So, it being VMworld and all, the press release talks about improved support for VMware environments. Actually, that's a bit of a misnomer -- what's really new is improved support for popular application environments (Exchange 2003 and 2007, SQLserver 2005, Oracle 10g/11g, etc.) -- all running in virtual machines.
Actually, the press release probably says more about how we're seeing VMware being used these days than anything else ...
Where Does That Leave Us?
Today, all sorts of storage arrays support snaps. They're incredibly convenient for all sorts of things. We could debate the relative merits of full clones vs. partial snaps, copy-on-first-write vs. other approaches, and so on. I do think that EMC has most of these use cases covered with its various flavors of replication technology.
And yes, we get our fair share of criticism for having a rich variety of replication technologies.
But I think where we've differentiated ourselves here is not providing simple management of snaps; we've built a workflow environment that lets customers use local and remote replication together in all sorts of interesting use cases.
Useful in the physical world, now useful in the virtual world.
And we don't have to write scripts anymore :-)
Courteous comments always welcome!
After having a dig about Storage Virtualisation; I must say I like RM alot. I wish I could get my guys to move away from scripting and make more use of RM. It certainly helped us in the Exchange area. Don't suppose you could make it heterogeneous and support other vendors!
Posted by: Martin G | September 16, 2008 at 02:28 PM
Chuck,
I have been using RM in our production environment for two years now and it keeps getting better! We develop and support a custom in-house app running based on SQL 2005 and running on Windows clusters, with the databases ranging from 500GB to 2TB in size. We use RM to nightly create clones of the production databases and present them to the development servers for daily development.
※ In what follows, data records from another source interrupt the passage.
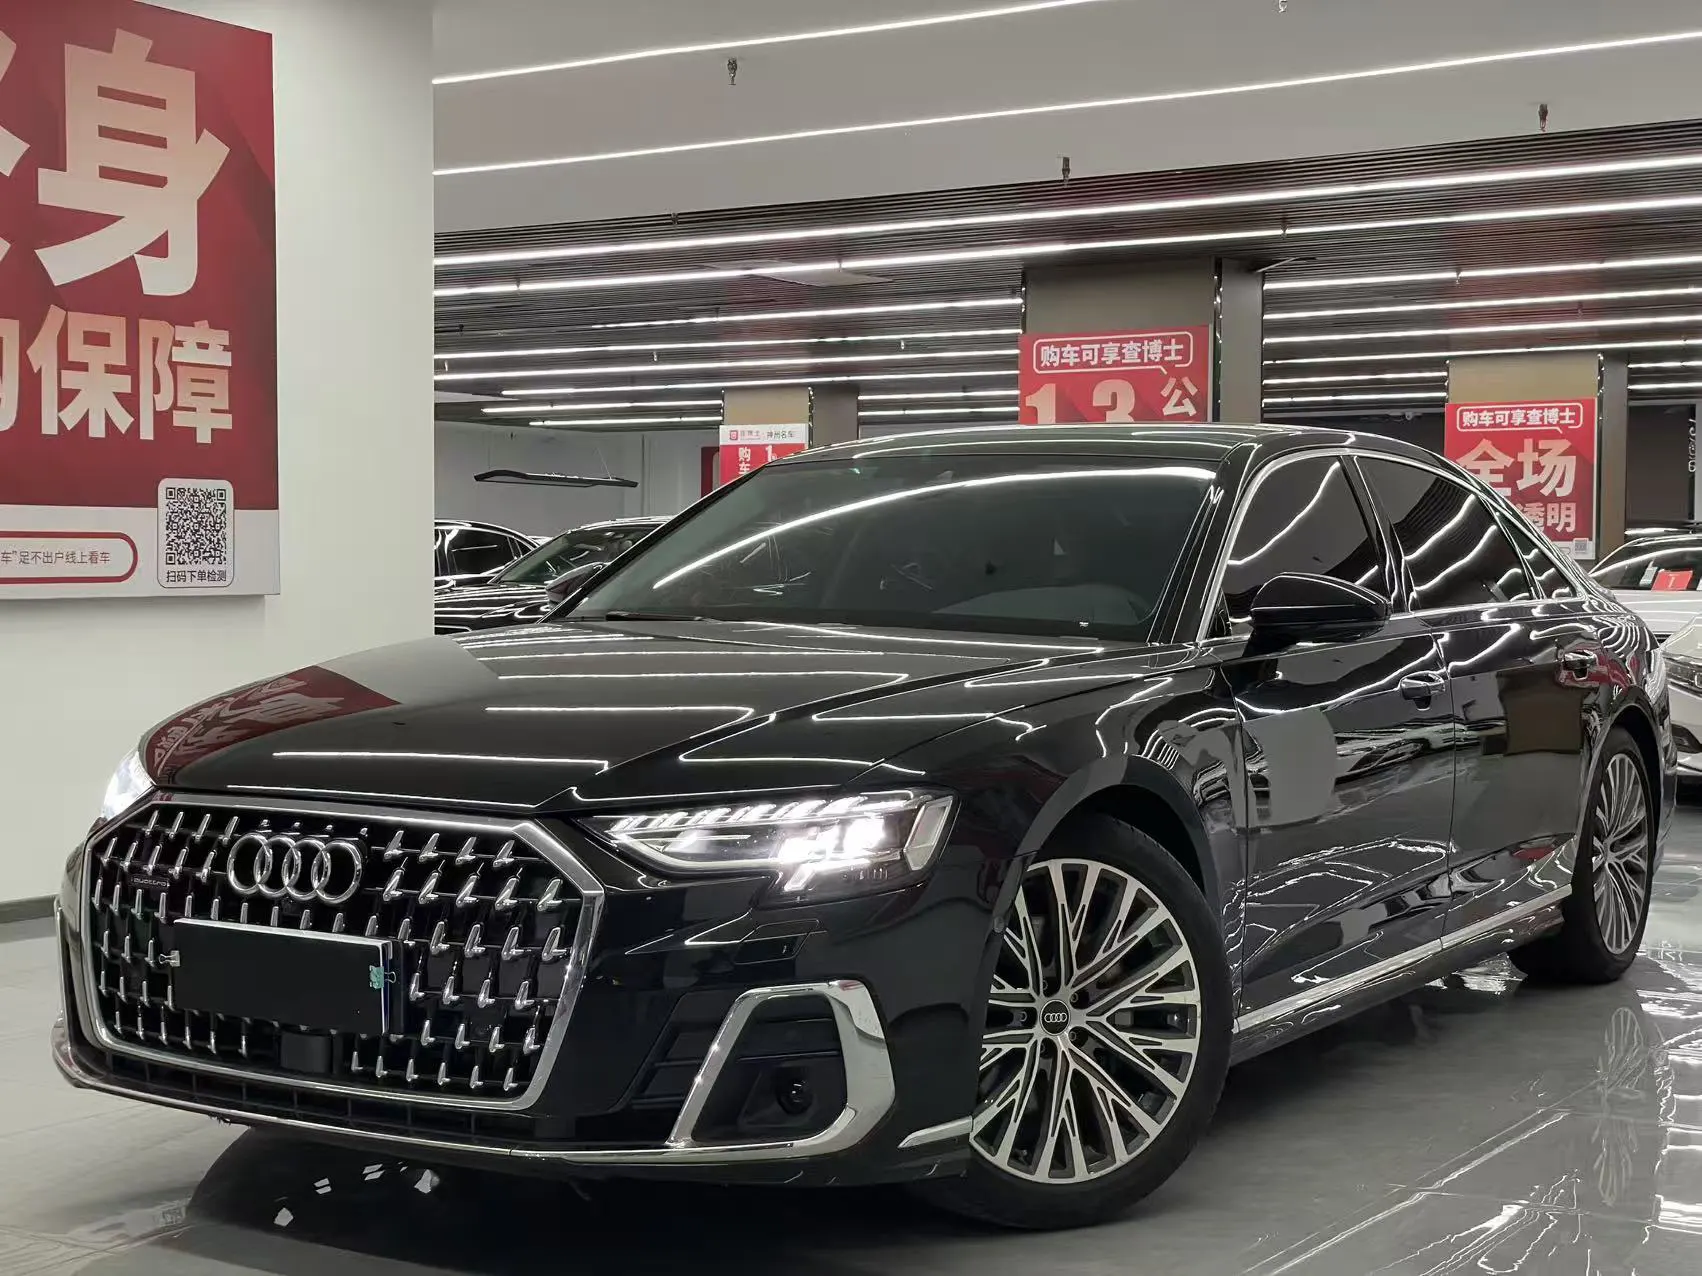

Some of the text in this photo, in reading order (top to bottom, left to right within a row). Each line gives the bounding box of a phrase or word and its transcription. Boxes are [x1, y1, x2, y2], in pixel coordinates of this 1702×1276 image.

[0, 27, 230, 296] 身
[1040, 339, 1183, 367] 购车可享查博士
[1462, 407, 1576, 427] 购车可享查博士
[1456, 438, 1577, 497] 全场
[166, 570, 227, 583] 扫码下单检测
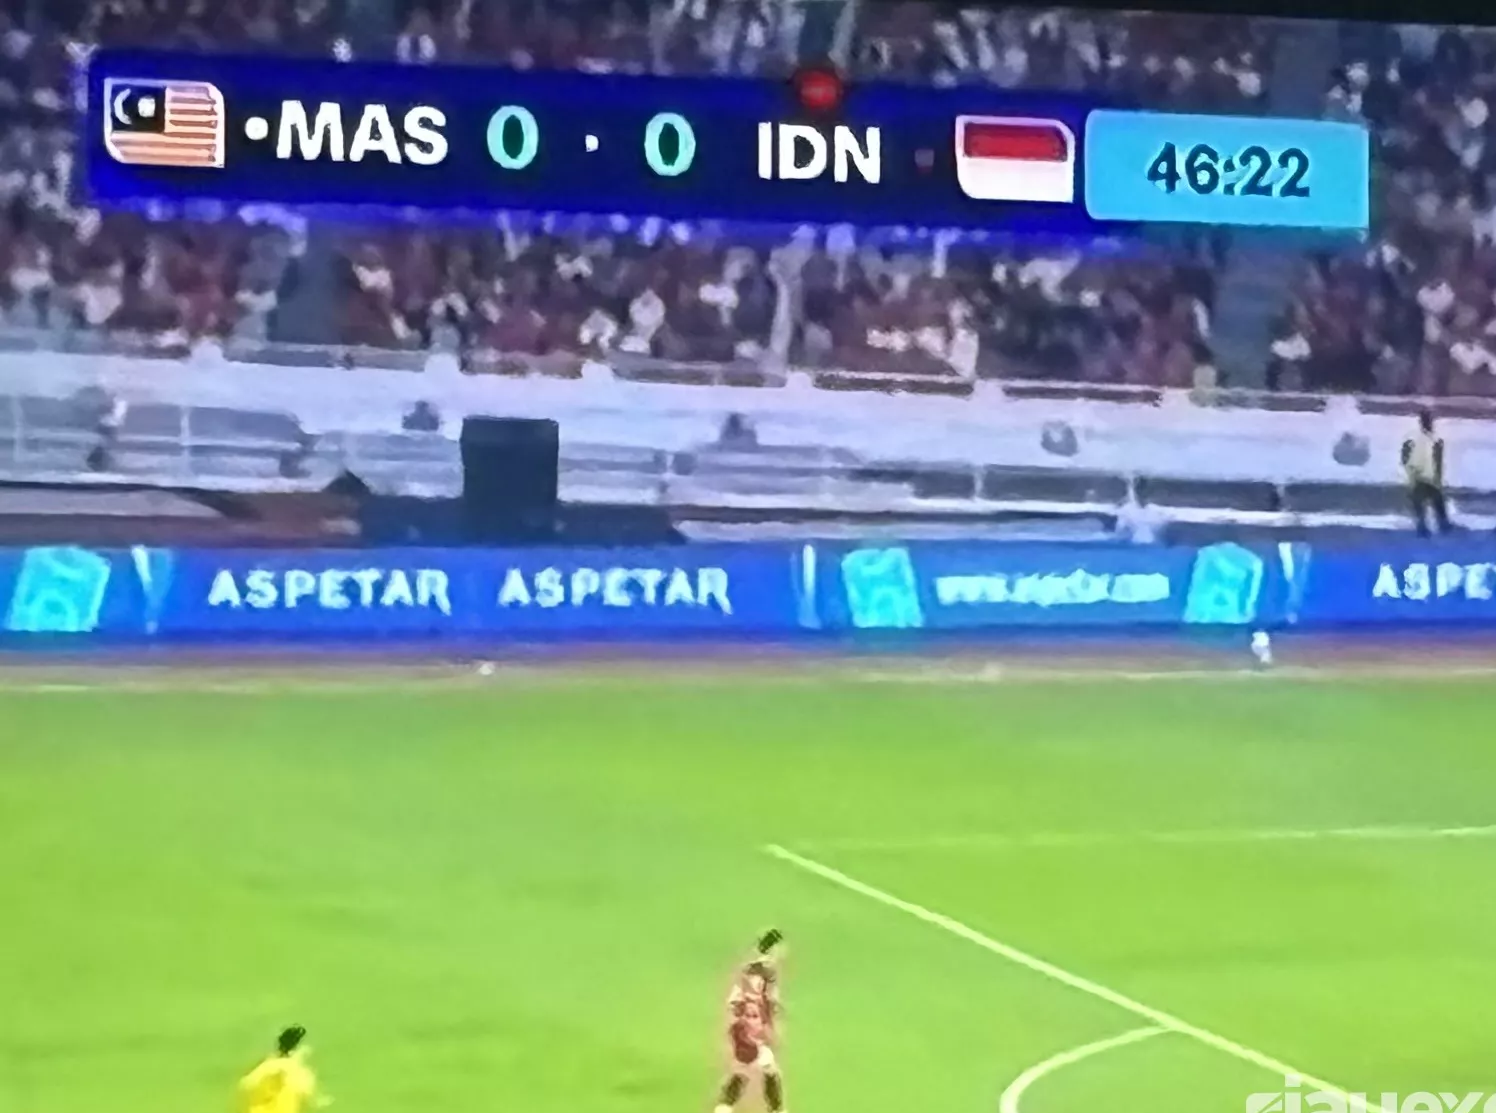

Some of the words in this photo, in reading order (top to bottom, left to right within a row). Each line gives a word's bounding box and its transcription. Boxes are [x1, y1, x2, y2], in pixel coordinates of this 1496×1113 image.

[276, 99, 449, 166] MAS
[486, 104, 539, 170] 0
[643, 111, 696, 177] 0
[758, 121, 881, 184] IDN
[1146, 141, 1311, 198] 46:22
[207, 567, 451, 615] ASPETAR
[499, 566, 733, 615] ASPETAR
The SQL integration and the automation of jobs has enabled me to deliver a solution for our developers that they could not do themselves because of the amount of data we are cloning each night.
We have had our issues with the product, but over all it was well worth the investment and automates a critical function in our environment. And now we can use it to automate our RecoverPoint bookmarks for SQL and VMWare! Good job guys!
Cheers!
Posted by: Aran | September 17, 2008 at 06:17 PM
Aran -- you made my day!!
Thanks so much for sharing. And I'm sure the RM team will appreciate this as well.
-- Chuck
Posted by: Chuck Hollis | September 17, 2008 at 08:30 PM
It might be a hidden gem, but at what point does an investor get compensated for EMC gems and at what point does he learn they are really pyrite?
EMC does a terrible job at actualizing value from their "gems."
Posted by: David | September 18, 2008 at 11:29 AM
David,
I don't know how familiar you are with Replication Manager and it's pricing, but it really is not that much. You are basically paying for a license per host being managed, on par with license costs for backup agents from most vendors.
And it was even cheaper for us because we had a couple of old RM/SE 3.0 licenses that EMC upgraded for free to RM 5.0 licenses. They did that for all customers that had RM/SE licenses when RM 5.0 came out and RM/SE reached End Of Life.
And compensated? I didn't purchase RM to make money but to save time and effort in managing terabytes of replications and restores for our developers. In the end this saved a lot of time our developers wasted managing restores for all of our development environments.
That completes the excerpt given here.